### TASK OBJECTIVE
Print the entries once more, unchanged.

[Data excerpts]

* * * * * * * * *

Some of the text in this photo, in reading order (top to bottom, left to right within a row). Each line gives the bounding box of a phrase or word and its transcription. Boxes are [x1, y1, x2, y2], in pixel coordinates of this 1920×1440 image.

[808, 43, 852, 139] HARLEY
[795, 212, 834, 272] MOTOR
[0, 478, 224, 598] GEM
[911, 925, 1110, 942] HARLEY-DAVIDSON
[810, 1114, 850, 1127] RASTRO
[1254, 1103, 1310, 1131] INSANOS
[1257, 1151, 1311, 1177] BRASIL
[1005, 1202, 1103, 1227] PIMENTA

* * * * * * * * *

### RESPONSE AREA
Some of the text in this photo, in reading order (top to bottom, left to right within a row). Each line gives the bounding box of a phrase or word and its transcription. Boxes are [x1, y1, x2, y2], in pixel coordinates of this 1920×1440 image.

[808, 43, 852, 139] HARLEY
[795, 212, 834, 272] MOTOR
[0, 478, 224, 598] GEM
[911, 925, 1110, 942] HARLEY-DAVIDSON
[810, 1114, 850, 1127] RASTRO
[1254, 1103, 1310, 1131] INSANOS
[1257, 1151, 1311, 1177] BRASIL
[1005, 1202, 1103, 1227] PIMENTA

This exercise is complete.